● Task instructions:
Transcribe all the data below exactly, leaving its pictures out.

##### Material supplied

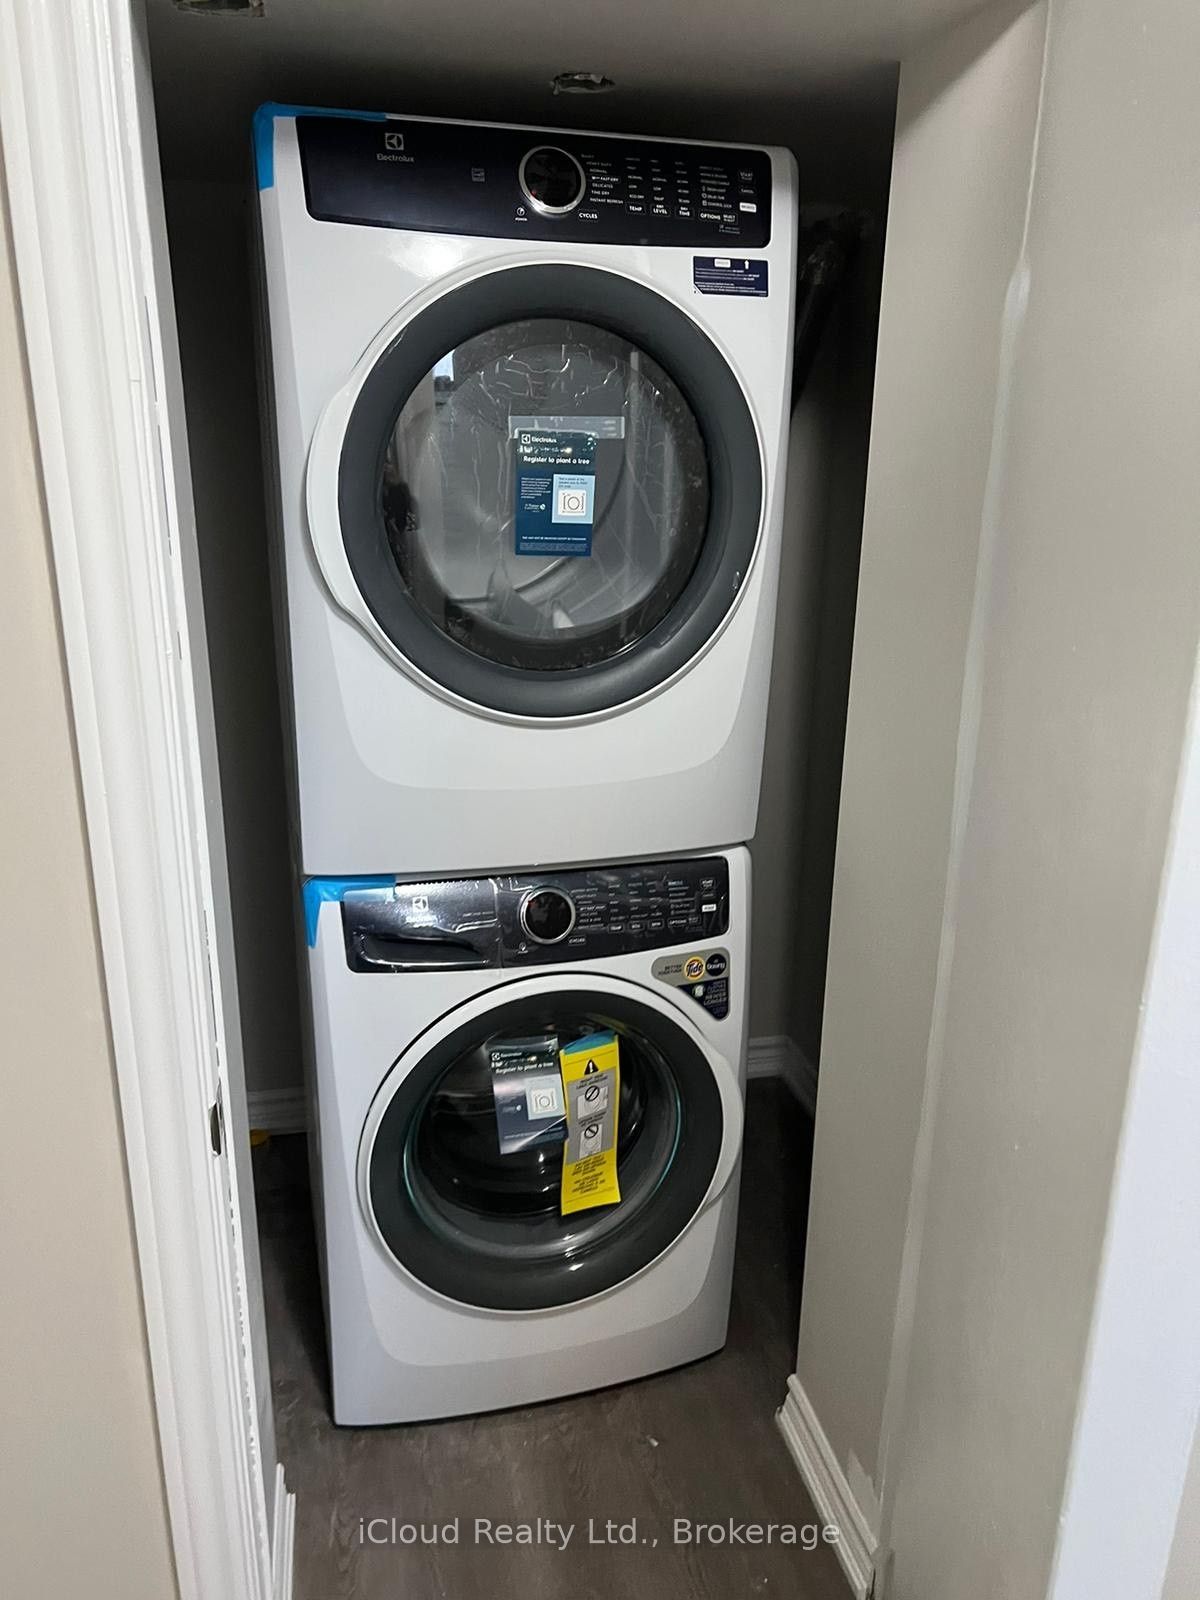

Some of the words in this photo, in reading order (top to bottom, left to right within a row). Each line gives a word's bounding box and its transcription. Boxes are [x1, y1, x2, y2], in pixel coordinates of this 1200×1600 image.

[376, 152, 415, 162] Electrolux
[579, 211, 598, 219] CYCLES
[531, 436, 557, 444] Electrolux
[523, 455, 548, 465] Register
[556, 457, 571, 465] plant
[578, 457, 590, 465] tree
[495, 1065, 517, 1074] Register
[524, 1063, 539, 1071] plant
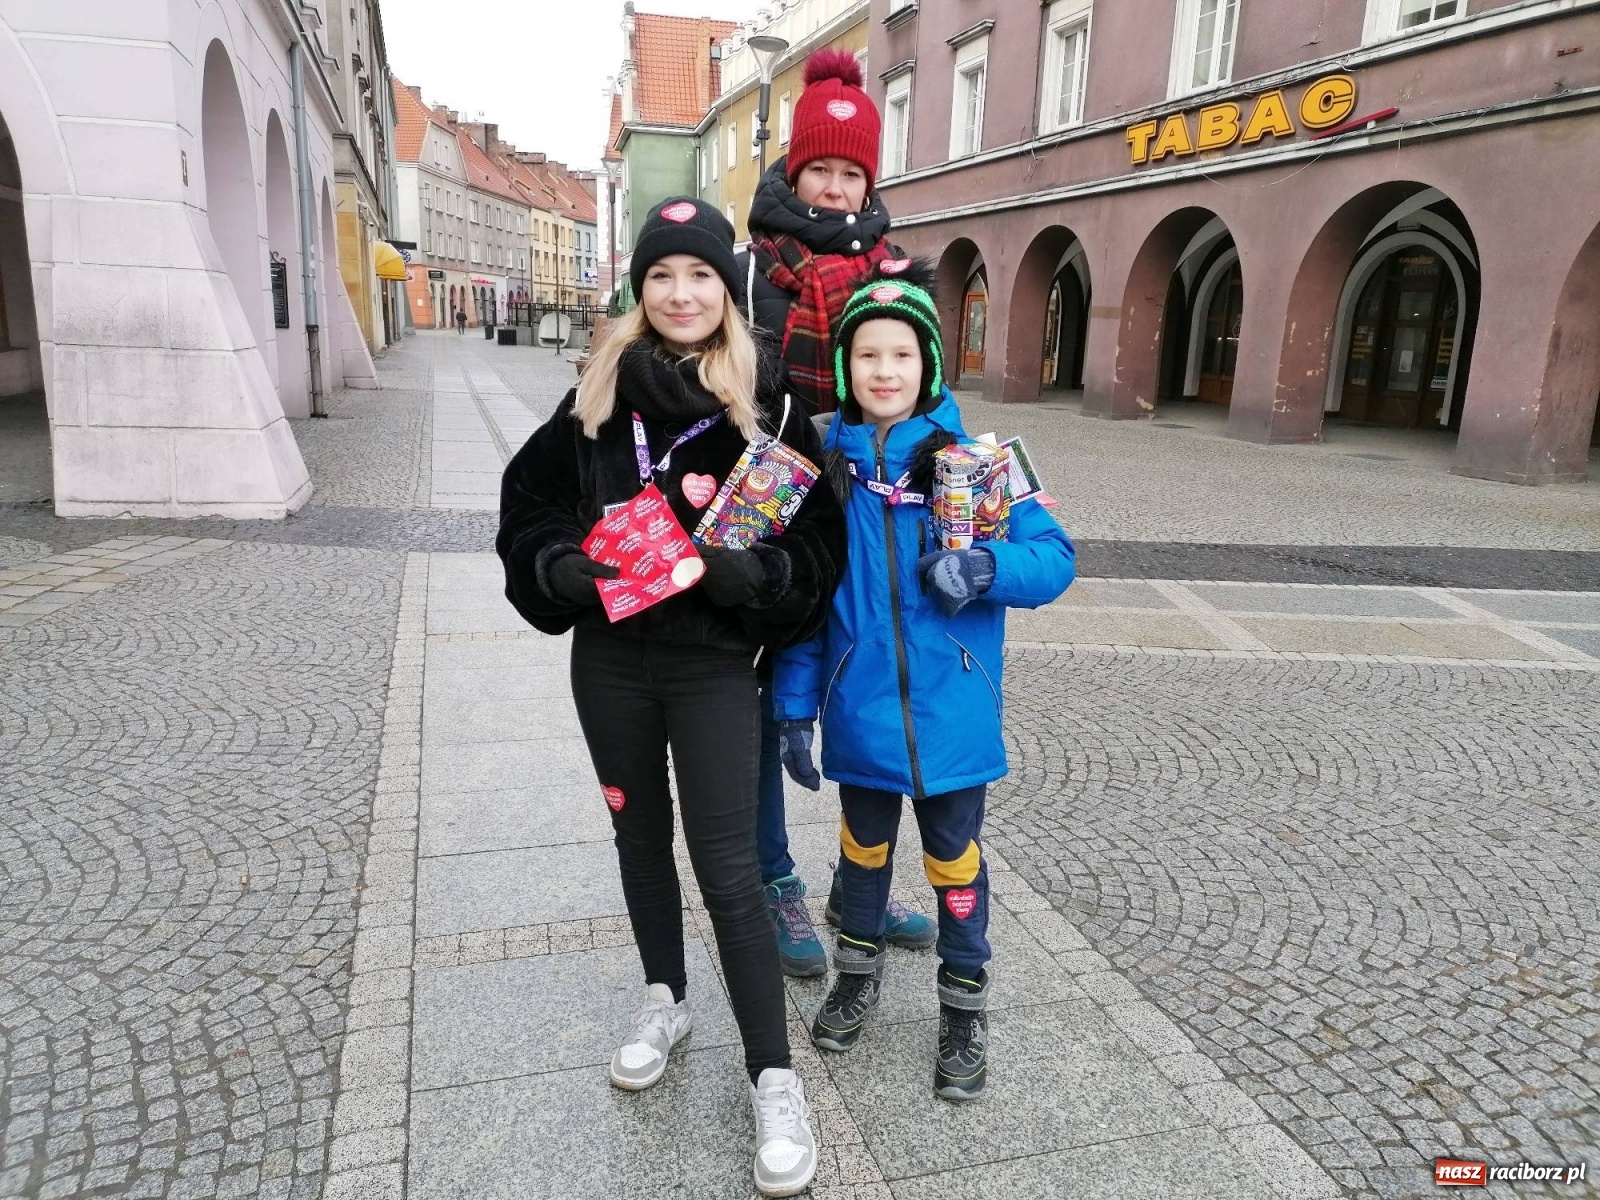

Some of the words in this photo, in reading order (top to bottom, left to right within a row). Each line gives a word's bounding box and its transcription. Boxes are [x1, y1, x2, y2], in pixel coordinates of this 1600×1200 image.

##########

● Worked solution:
Some of the words in this photo, in reading order (top to bottom, left to right within a row). Each line gives a word's bounding box and its transcription. Boxes are [x1, y1, x2, y2], in pixel coordinates of this 1200×1600 image.

[376, 152, 415, 162] Electrolux
[579, 211, 598, 219] CYCLES
[531, 436, 557, 444] Electrolux
[523, 455, 548, 465] Register
[556, 457, 571, 465] plant
[578, 457, 590, 465] tree
[495, 1065, 517, 1074] Register
[524, 1063, 539, 1071] plant

Some of the words in this photo, in reading order (top to bottom, left to right within a row). Each line gives a word's bounding box and its transcription. Boxes are [x1, y1, x2, y2], in pixel coordinates of this 1600×1200 image.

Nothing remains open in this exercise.